NB addition of that --date=iso seems to change nothing for me for %cd (I used %cD here though)...

yarikoptic commented 1 year ago

For (2) I think we could start from the most recent commit timestamp and display commits one by one until we reach one with multiple parents. Then we can split the chain so it displays in parallel, and continue each chain using chronological ordering. Each time we find a commit with multiple parents, we split again the same way.

but what about going in reverse order -- from oldest to newest?
I think it might be more useful in many cases whenever people want to demonstrate how actually this repo evolved instead of digging back to history.

initialcommit-io commented 1 year ago

and following git log --all ... in graph (not quite chronological) and non-graph (seems indeed chronological) modes

Hmm, so with the graph why is it showing the second commit 4105ad5 with timestamp (Tue, 11 Jul 2023 10:54:38 -0400) more recently than 14b4e1f and c67b1a8? If that commit was an older one that was merged in I would think the graph would reflect that? But it looks like a part of the linear history so I would assume it would be sorted reverse chronologically? Seems I'm missing something there...

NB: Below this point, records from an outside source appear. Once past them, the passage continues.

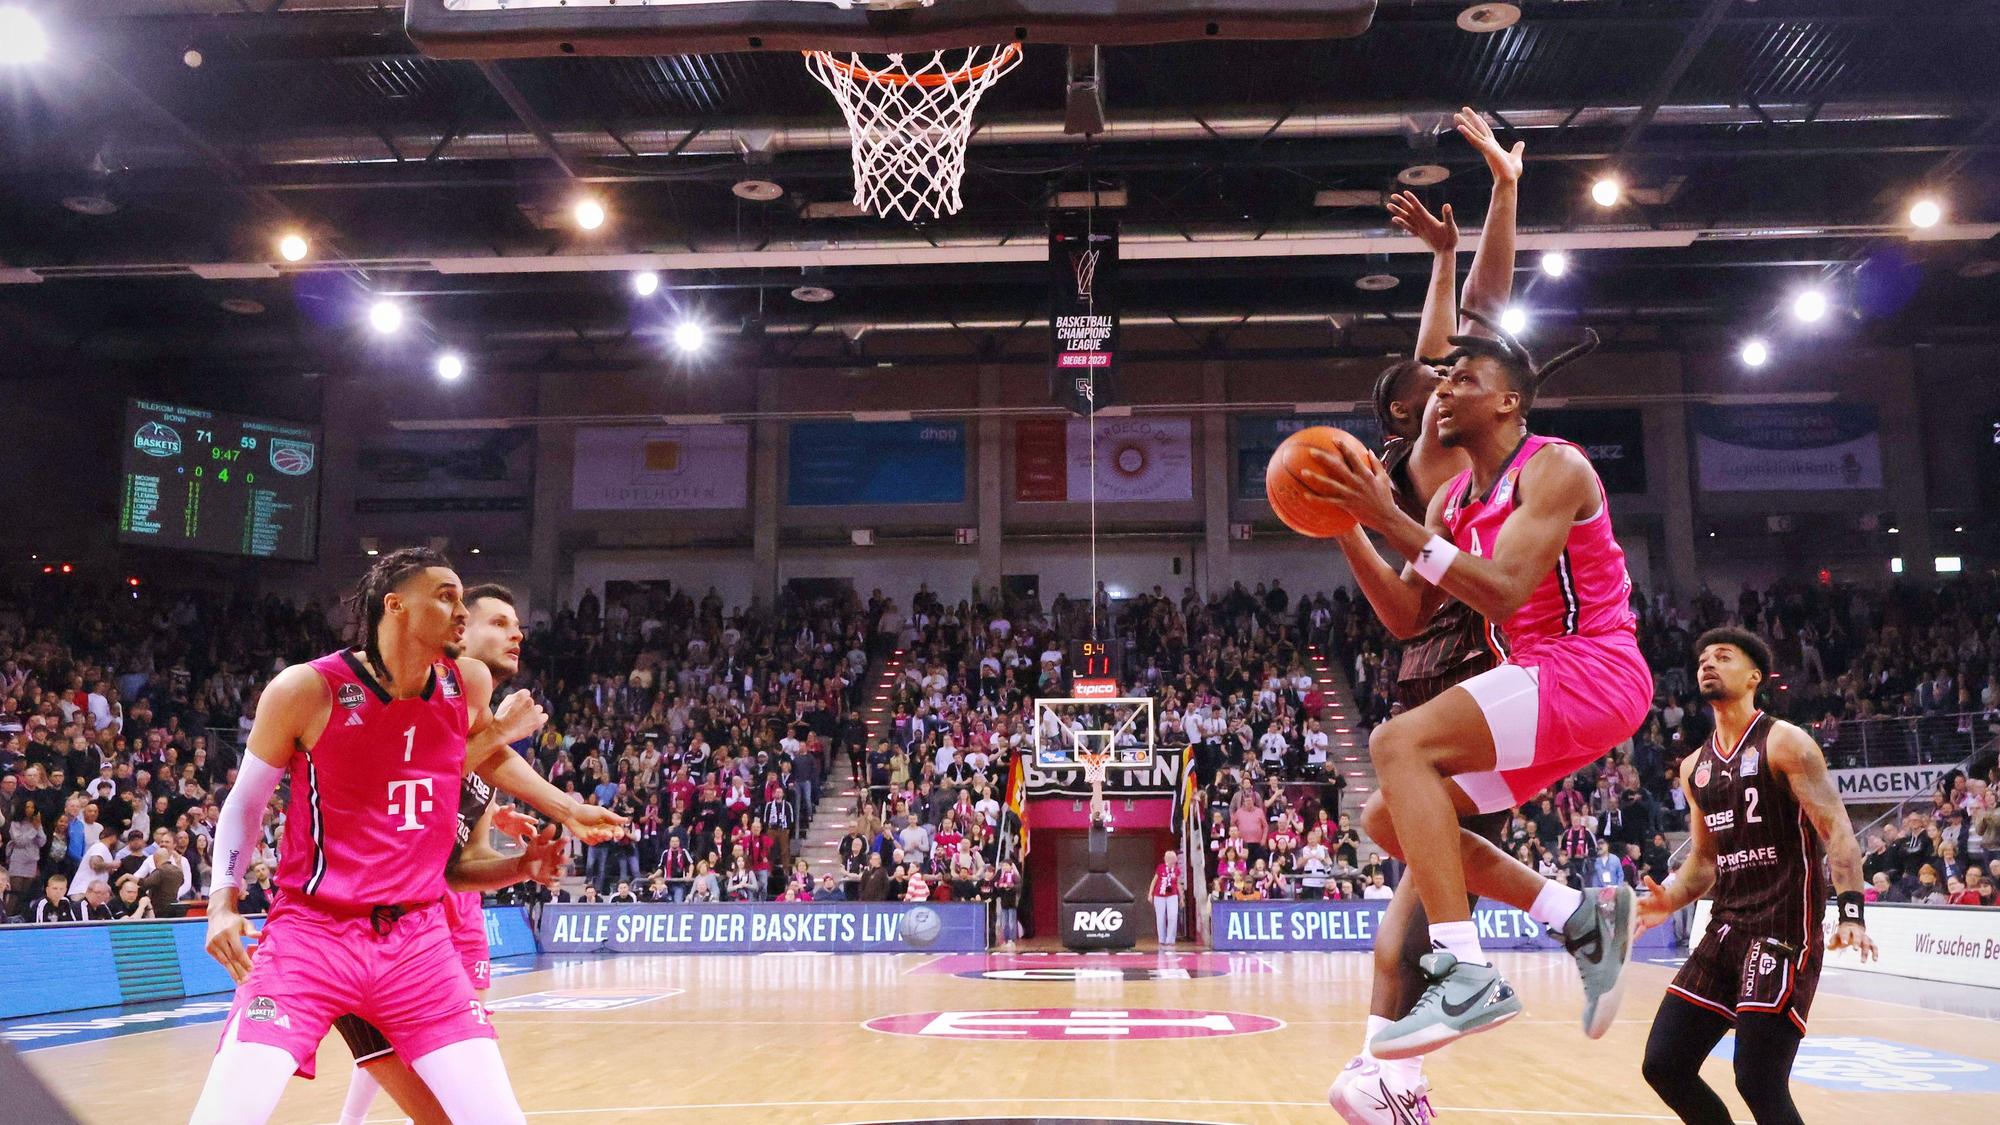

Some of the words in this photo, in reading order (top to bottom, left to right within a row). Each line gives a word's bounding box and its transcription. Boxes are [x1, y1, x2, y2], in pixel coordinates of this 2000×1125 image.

[1056, 316, 1112, 328] BASKETBALL
[1057, 327, 1111, 339] CHAMPIONS
[1067, 339, 1102, 351] LEAGUE
[1062, 355, 1087, 365] SIEGER
[1088, 355, 1107, 365] 2023
[136, 401, 174, 413] TELEKOM
[177, 407, 213, 419] BASKETS
[164, 414, 187, 424] BONN
[196, 430, 213, 443] 71
[920, 426, 958, 442] dhpg
[136, 436, 179, 451] BASKETS
[240, 436, 257, 449] 59
[211, 447, 240, 462] 9:47
[195, 466, 203, 477] 0
[218, 468, 230, 482] 4
[246, 473, 254, 484] 0
[1471, 527, 1482, 556] 4
[1083, 643, 1105, 656] 9.4
[1076, 683, 1114, 695] tipico
[403, 726, 416, 762] 1
[1745, 787, 1762, 823] 2
[1073, 908, 1123, 931] RKG
[1228, 911, 1284, 940] ALLE
[1290, 911, 1371, 940] SPIELE
[1472, 909, 1539, 938] KETS
[553, 914, 611, 943] ALLE
[615, 914, 694, 943] SPIELE
[700, 914, 745, 943] DER
[751, 913, 856, 942] BASKETS
[1915, 933, 1935, 953] Wir
[1937, 936, 1980, 958] suchen

but what about going in reverse order -- from oldest to newest?

I actually had that feature in my original program git-story but for git-sim I realized it was a lot simpler to program and draw the Git history in reverse parent/child order because you can just "walk" down the relationships recursively until the desired number of commits are drawn. Going in chronological order actually requires a bit more complexity. It should be do-able, but might take some time due to all the subcommands implemented now.

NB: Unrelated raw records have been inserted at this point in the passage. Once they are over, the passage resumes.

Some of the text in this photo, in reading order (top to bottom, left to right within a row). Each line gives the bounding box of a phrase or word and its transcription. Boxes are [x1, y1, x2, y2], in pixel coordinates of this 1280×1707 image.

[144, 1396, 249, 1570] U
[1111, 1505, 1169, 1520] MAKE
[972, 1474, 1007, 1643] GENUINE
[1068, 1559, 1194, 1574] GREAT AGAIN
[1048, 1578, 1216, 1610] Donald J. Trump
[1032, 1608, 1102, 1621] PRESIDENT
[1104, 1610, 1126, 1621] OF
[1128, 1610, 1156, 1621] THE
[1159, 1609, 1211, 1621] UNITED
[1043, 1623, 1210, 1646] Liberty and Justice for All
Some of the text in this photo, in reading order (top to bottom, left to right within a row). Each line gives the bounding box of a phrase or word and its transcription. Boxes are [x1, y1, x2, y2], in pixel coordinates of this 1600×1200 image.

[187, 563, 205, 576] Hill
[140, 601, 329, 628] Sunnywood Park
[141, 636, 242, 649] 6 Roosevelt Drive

yarikoptic commented 1 year ago

Hmm, so with the graph why is it showing the second commit 4105ad5 with timestamp (Tue, 11 Jul 2023 10:54:38 -0400) more recently than 14b4e1f and c67b1a8? ...

if I got it right -- it just confirms my point that it is not chronological in --graph and as for "why": we can only hypothesize: note that those commits come from different branches , so I guess in --graph mode git tries to group commits somehow to have multiple commits from the same branch listed together nearby while sacrificing some chronological order... I would not really worry/think about it much or rely on it -- I would have got commits, sorted them in precedence (child/parent relationship) + chronological (so parallel branches commits could potentially interleave in this line up) as the 2nd factor, and then went animating "events" in the order - drawing across multiple "horizontals" to reflect "branching" structure... Ignorant me doesn't know yet how I would have done actual graph "rendering" though which might get tricky and best accomplished with smth like graphviz.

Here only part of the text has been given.